Your task: Since pictures are not wanted in the copy, output only the rest of each record exactly.

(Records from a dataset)
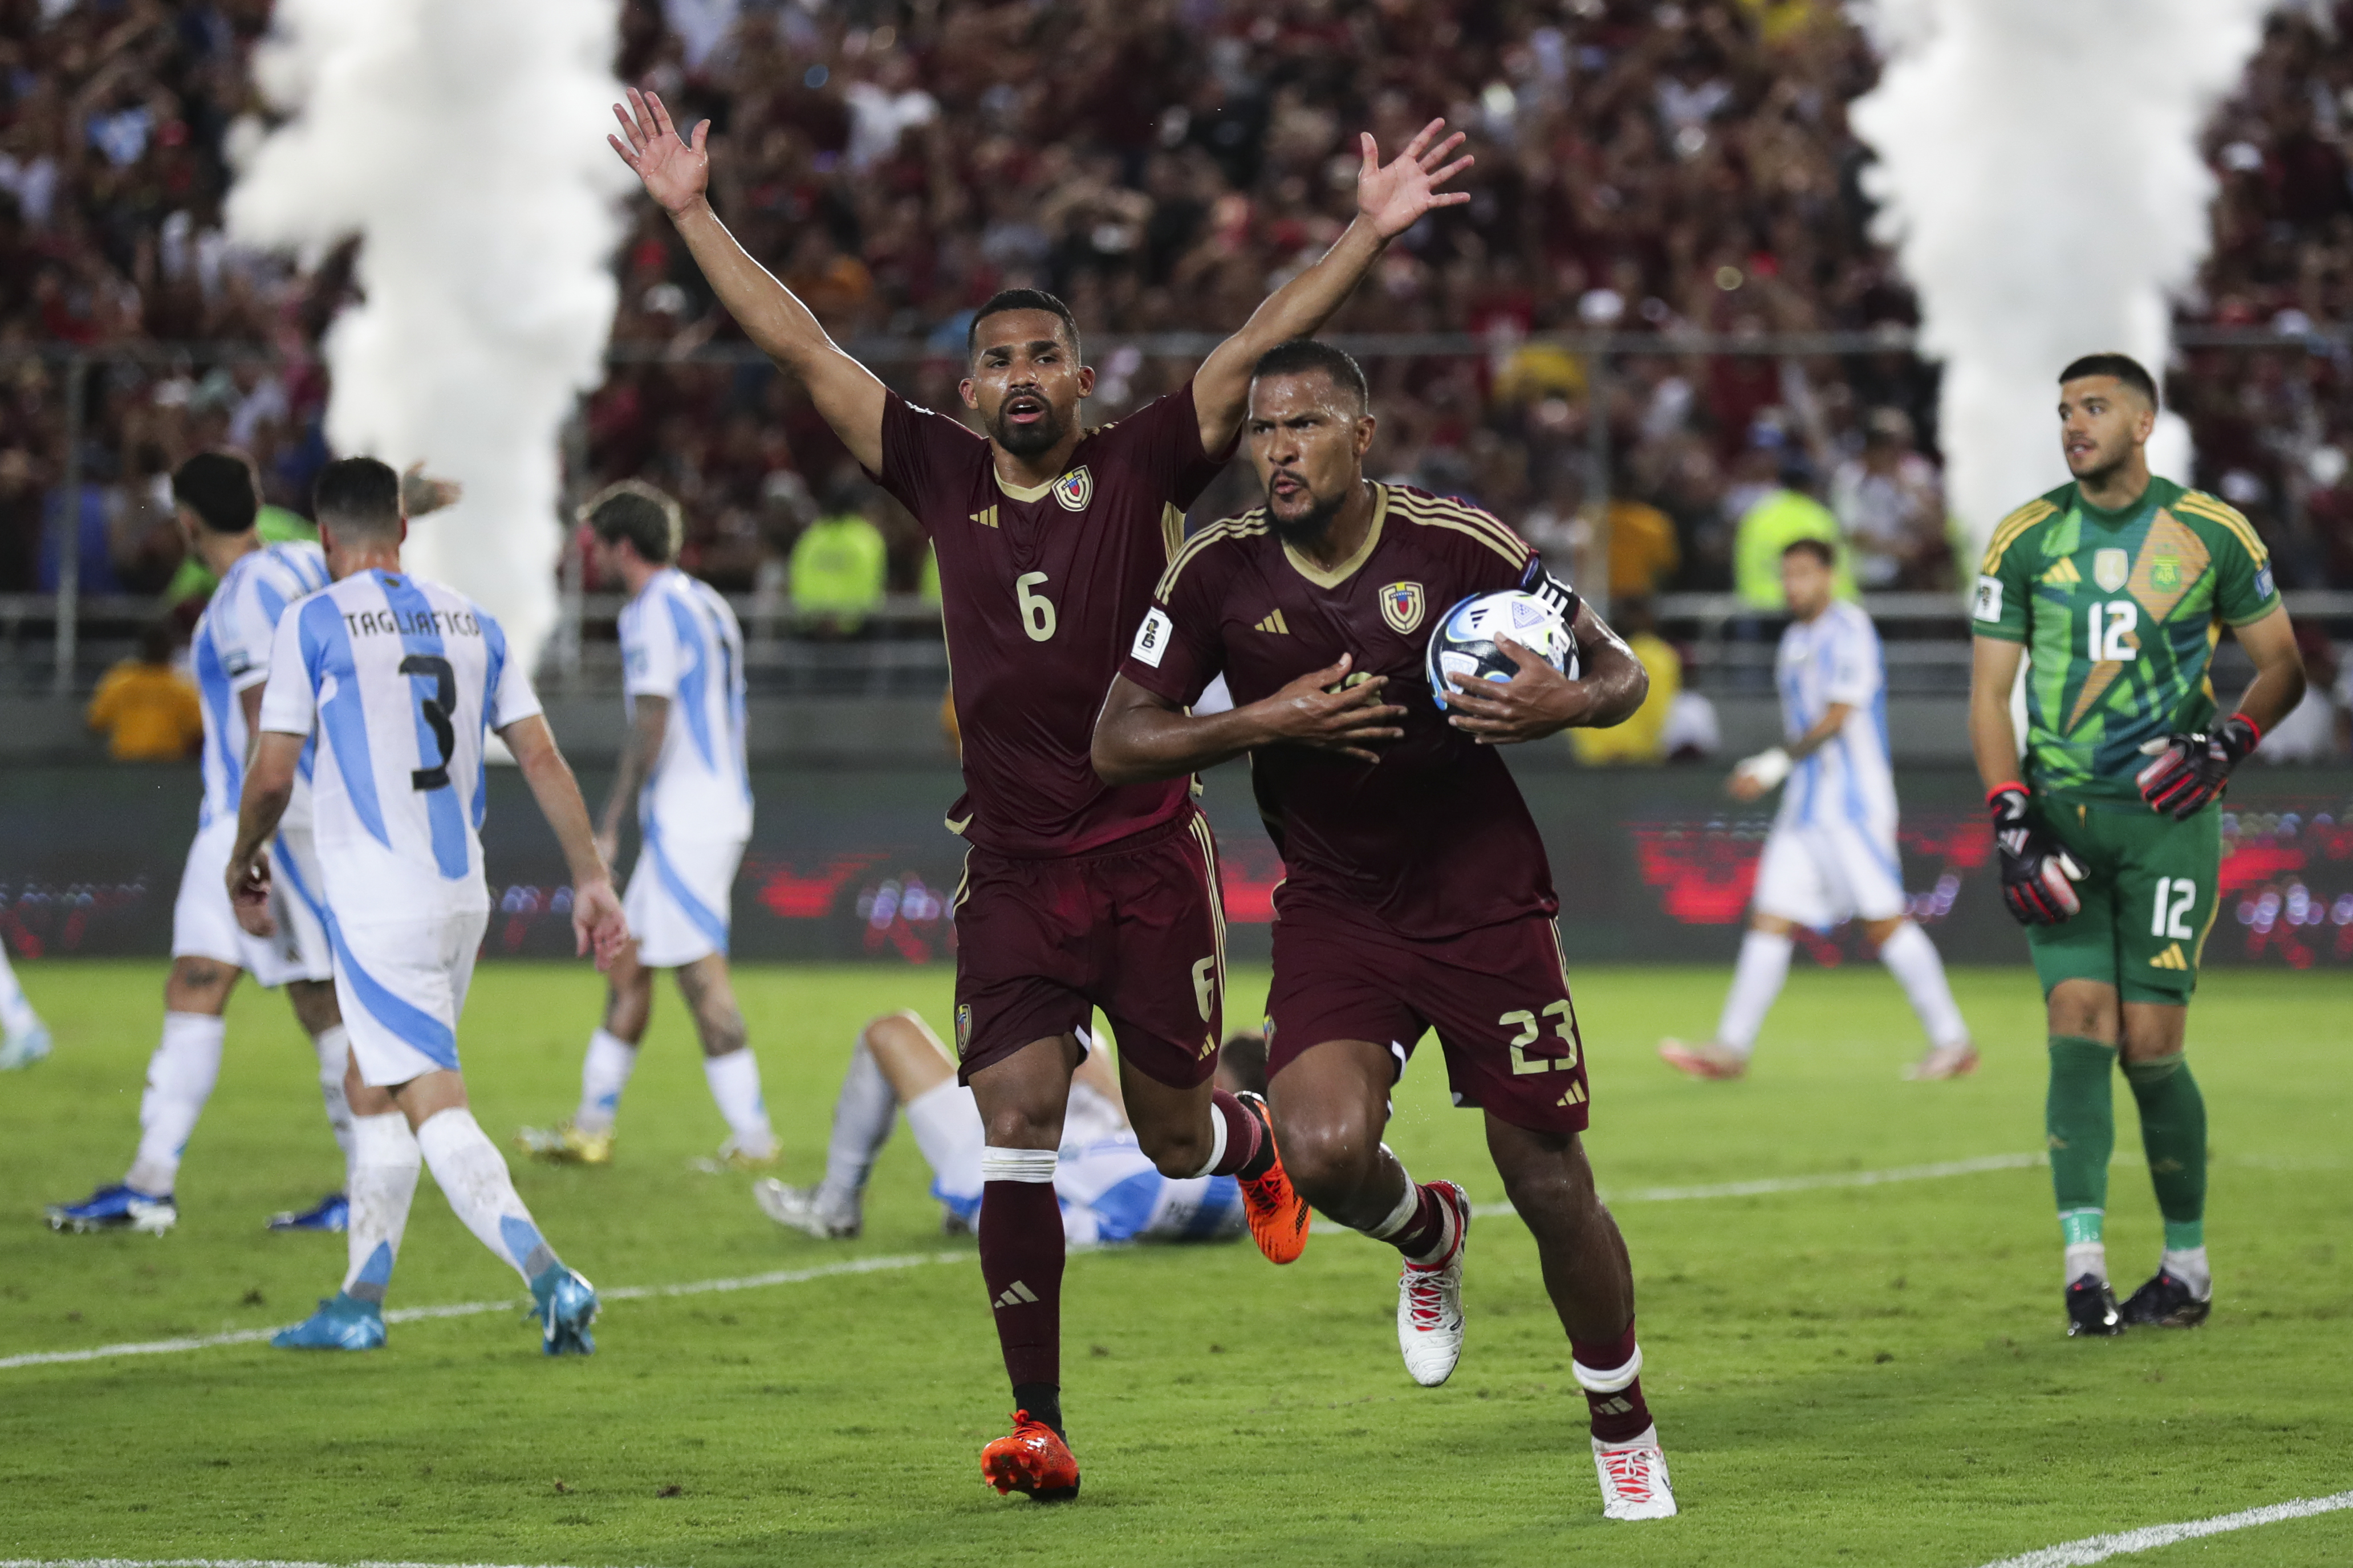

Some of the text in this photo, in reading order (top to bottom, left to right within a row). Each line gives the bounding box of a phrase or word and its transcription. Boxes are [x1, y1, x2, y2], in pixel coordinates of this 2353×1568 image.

[343, 610, 479, 638] TAGLIAFICO
[1017, 572, 1056, 642] 6
[2088, 600, 2137, 661] 12
[399, 654, 456, 790] 3
[2151, 876, 2196, 940] 12
[1192, 955, 1214, 1023] 6
[1499, 999, 1578, 1075] 23
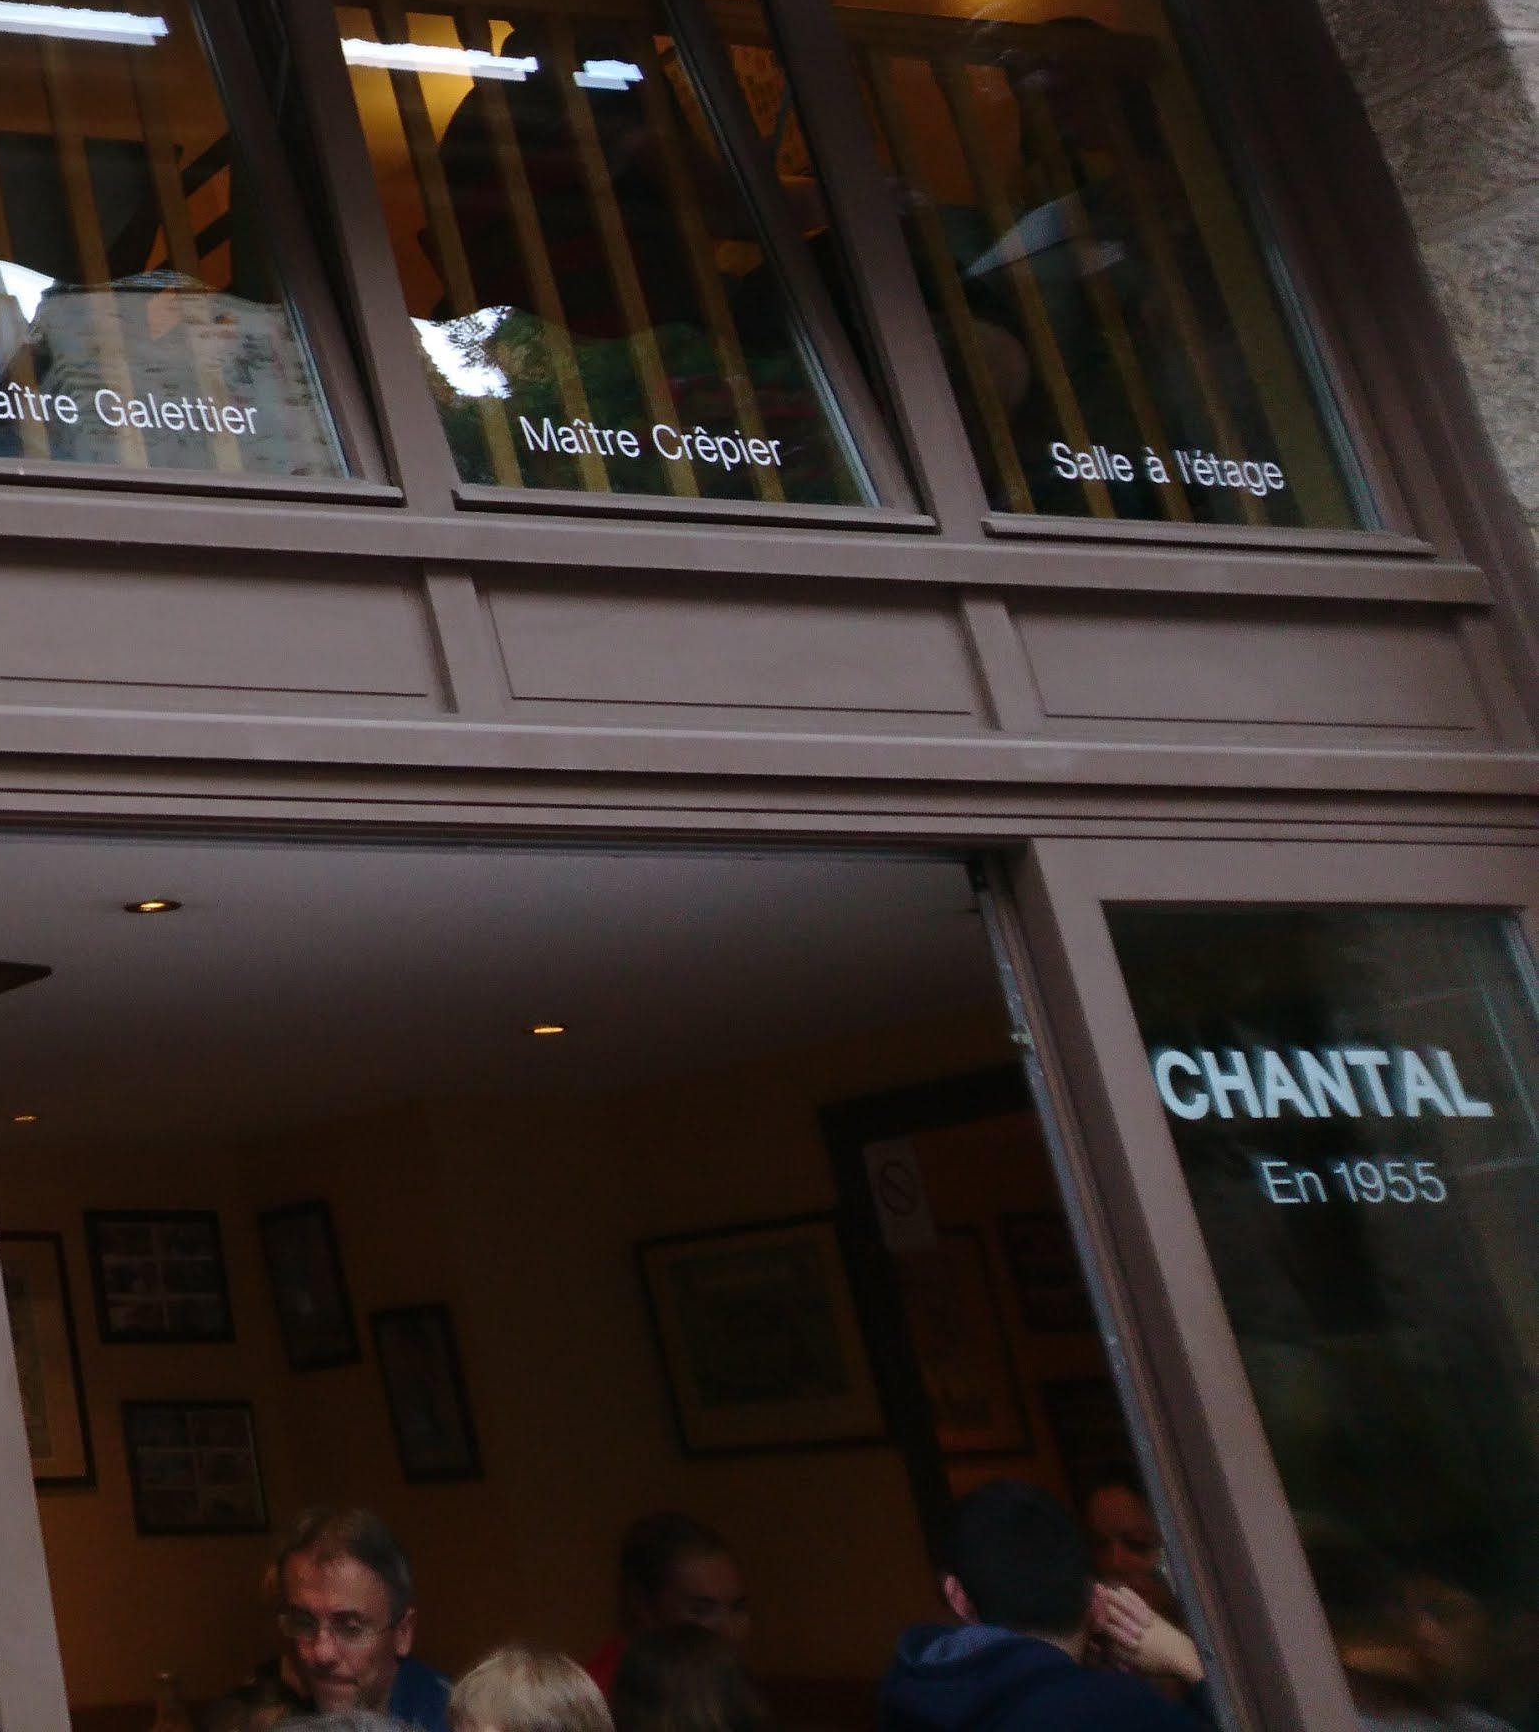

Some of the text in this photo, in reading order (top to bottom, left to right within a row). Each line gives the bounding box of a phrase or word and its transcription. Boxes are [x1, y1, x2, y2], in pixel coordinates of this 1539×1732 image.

[94, 386, 258, 437] Galettier
[518, 416, 782, 473] Maître Crêpier
[1050, 441, 1284, 497] Salle à l'étage
[1153, 1048, 1494, 1121] CHANTAL
[1259, 1160, 1448, 1205] En 1955

Result of the exercise:
Some of the text in this photo, in reading order (top to bottom, left to right within a row). Each line gives the bounding box of a phrase or word and its transcription. Boxes are [x1, y1, x2, y2], in pixel coordinates of this 2353×1568 image.

[343, 610, 479, 638] TAGLIAFICO
[1017, 572, 1056, 642] 6
[2088, 600, 2137, 661] 12
[399, 654, 456, 790] 3
[2151, 876, 2196, 940] 12
[1192, 955, 1214, 1023] 6
[1499, 999, 1578, 1075] 23

Some of the text in this photo, in reading order (top to bottom, left to right within a row). Each line gives the bounding box of a phrase or word and its transcription. Boxes are [x1, y1, x2, y2], in pixel coordinates of this 1539×1732 image.

[94, 386, 258, 437] Galettier
[518, 416, 782, 473] Maître Crêpier
[1050, 441, 1284, 497] Salle à l'étage
[1153, 1048, 1494, 1121] CHANTAL
[1259, 1160, 1448, 1205] En 1955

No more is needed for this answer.